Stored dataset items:
"""

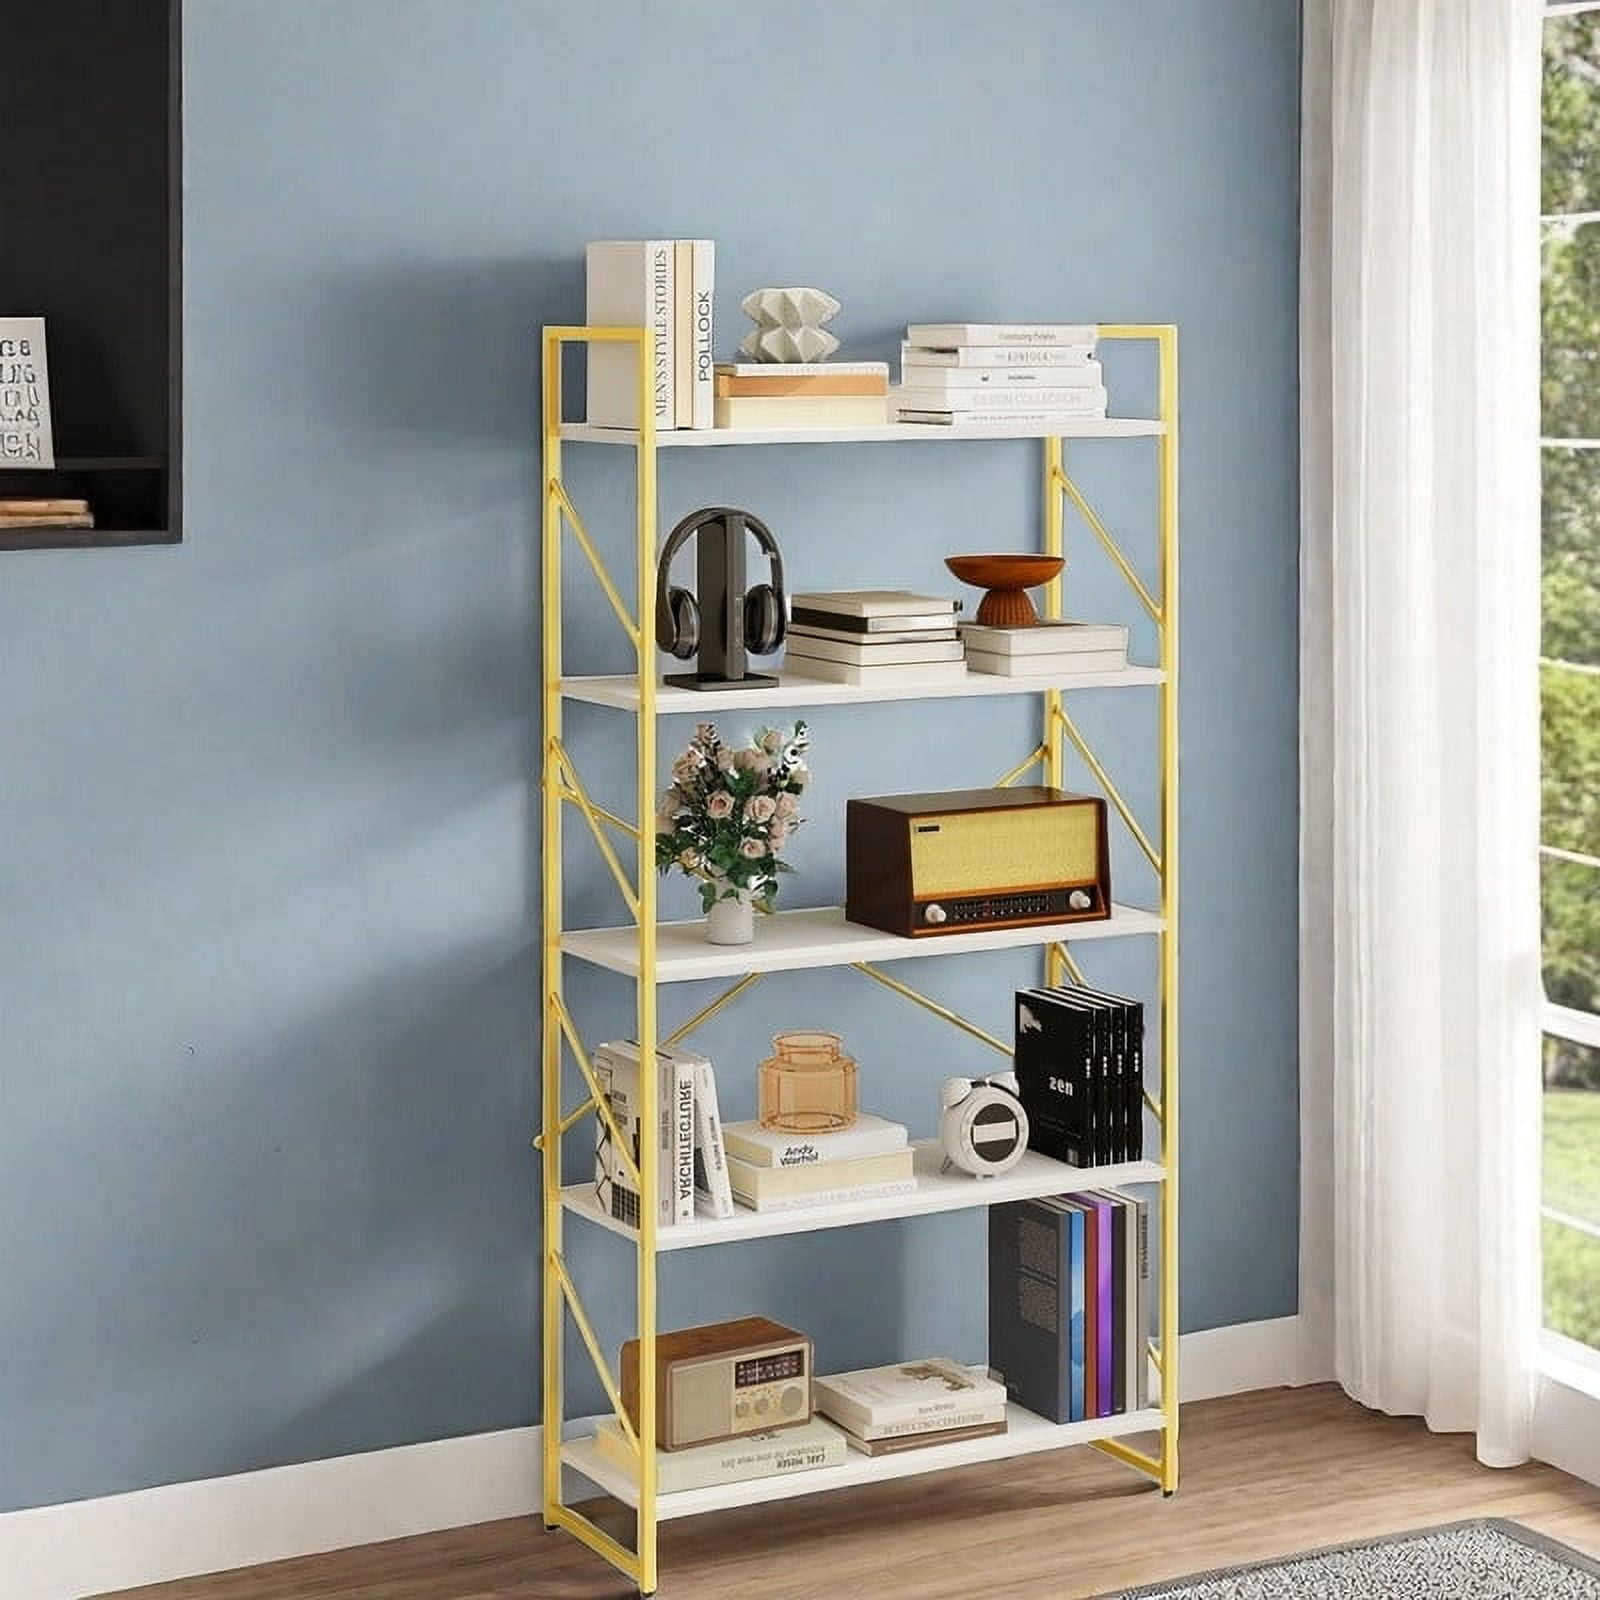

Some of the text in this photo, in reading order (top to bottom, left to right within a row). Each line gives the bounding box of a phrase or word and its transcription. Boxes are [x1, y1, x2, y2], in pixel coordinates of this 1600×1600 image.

[655, 249, 668, 316] STORIES
[655, 318, 668, 367] STYLE
[698, 291, 711, 382] POLLOCK
[1049, 1076, 1073, 1096] zen
[785, 1144, 815, 1156] Andy
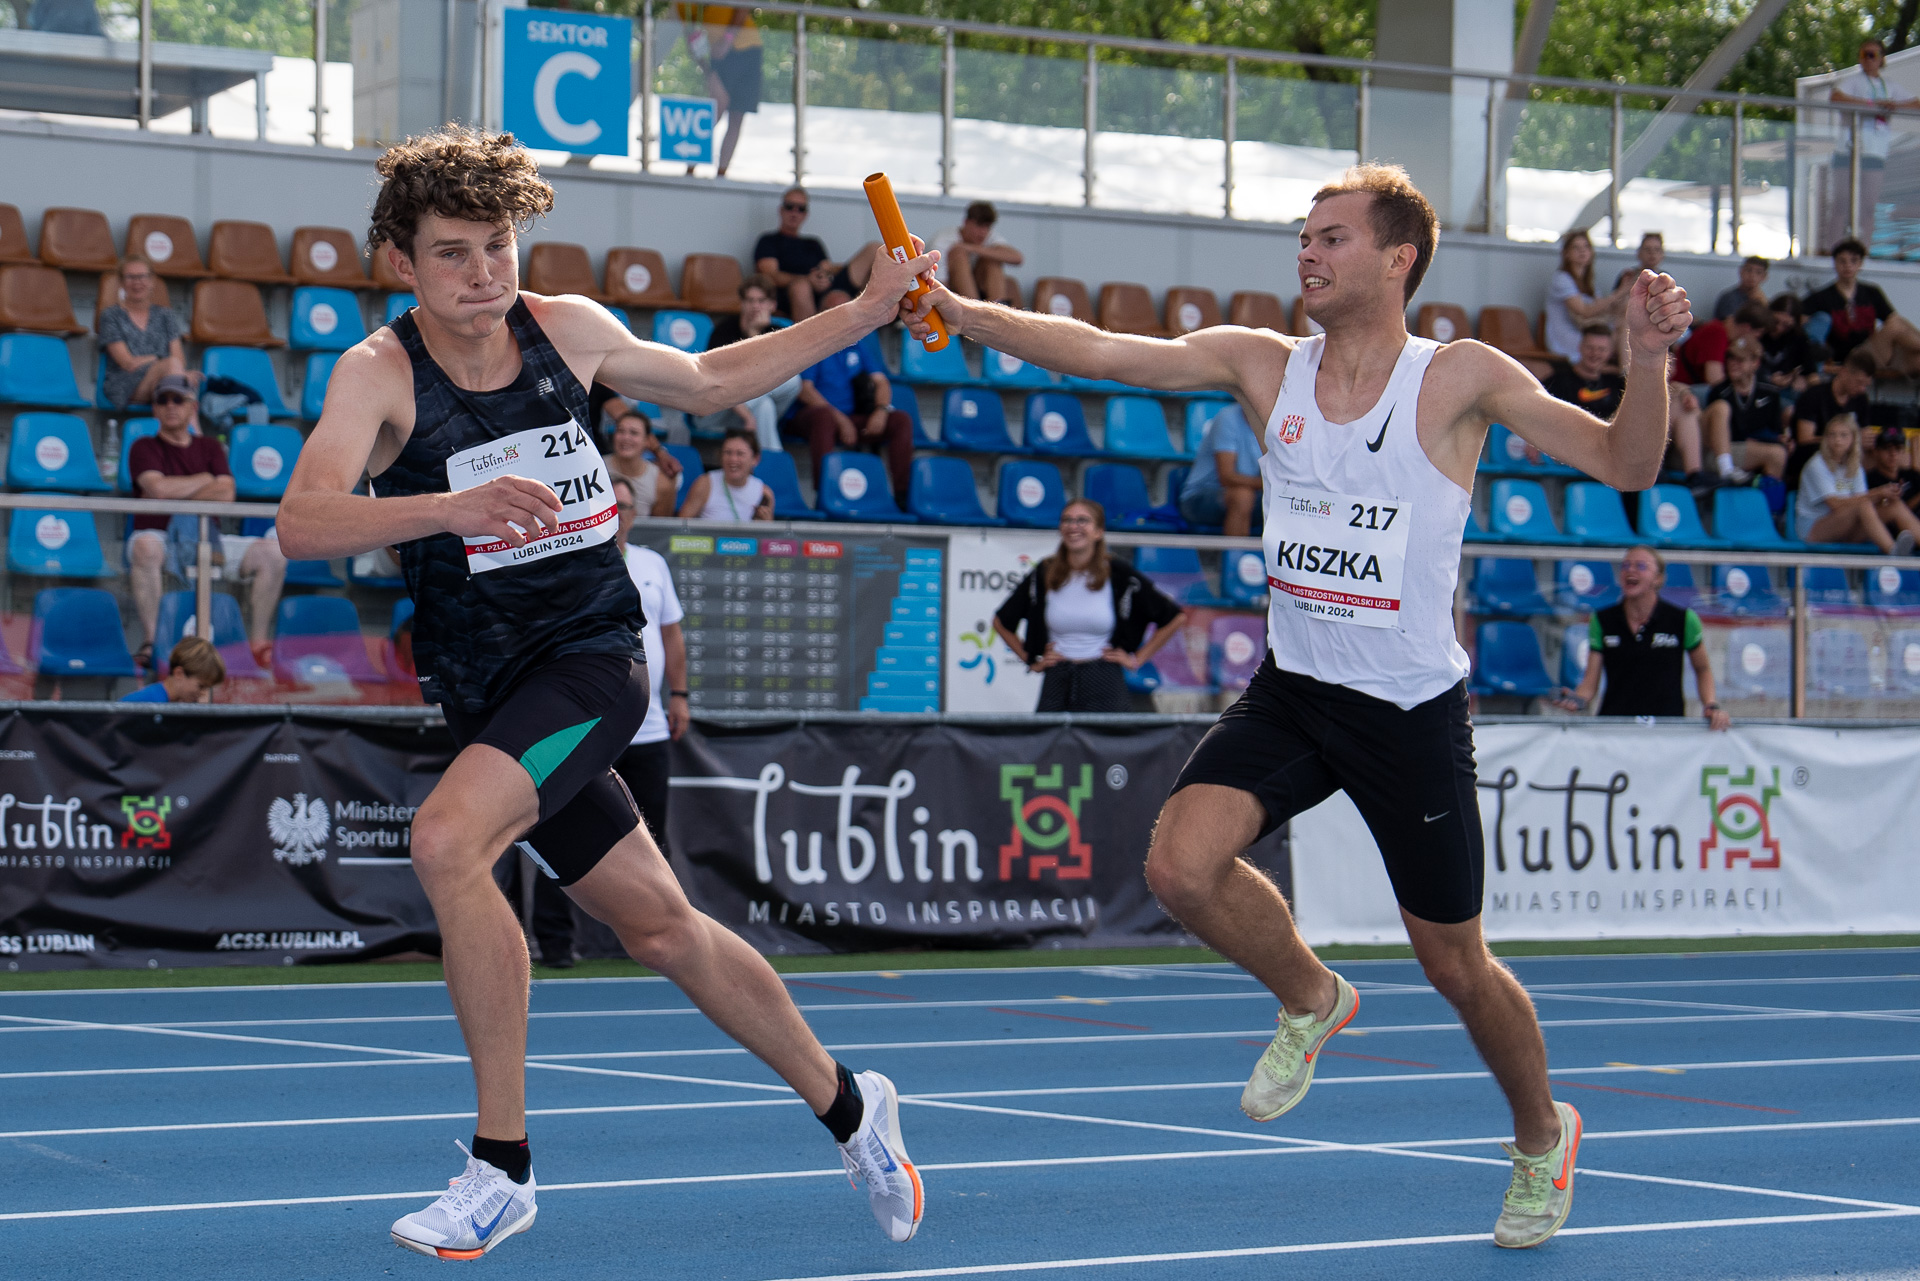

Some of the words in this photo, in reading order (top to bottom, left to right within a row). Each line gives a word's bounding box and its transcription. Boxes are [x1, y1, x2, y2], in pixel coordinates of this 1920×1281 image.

"""

The problem>
Above are records with pictures; repeat them exactly, but without the pictures.

Response to the exercise>
Some of the text in this photo, in reading order (top to bottom, left to right within a row). Each line gives the bounding box of a phrase or word and its transcription. Boxes are [x1, y1, x2, y2], in pixel coordinates of this 1600×1600 image.

[655, 249, 668, 316] STORIES
[655, 318, 668, 367] STYLE
[698, 291, 711, 382] POLLOCK
[1049, 1076, 1073, 1096] zen
[785, 1144, 815, 1156] Andy

Some of the words in this photo, in reading order (top to bottom, left to right within a row). Each line gives a word's bounding box and its transcription. Boxes are [x1, y1, x2, y2], in pixel coordinates of this 1920×1281 image.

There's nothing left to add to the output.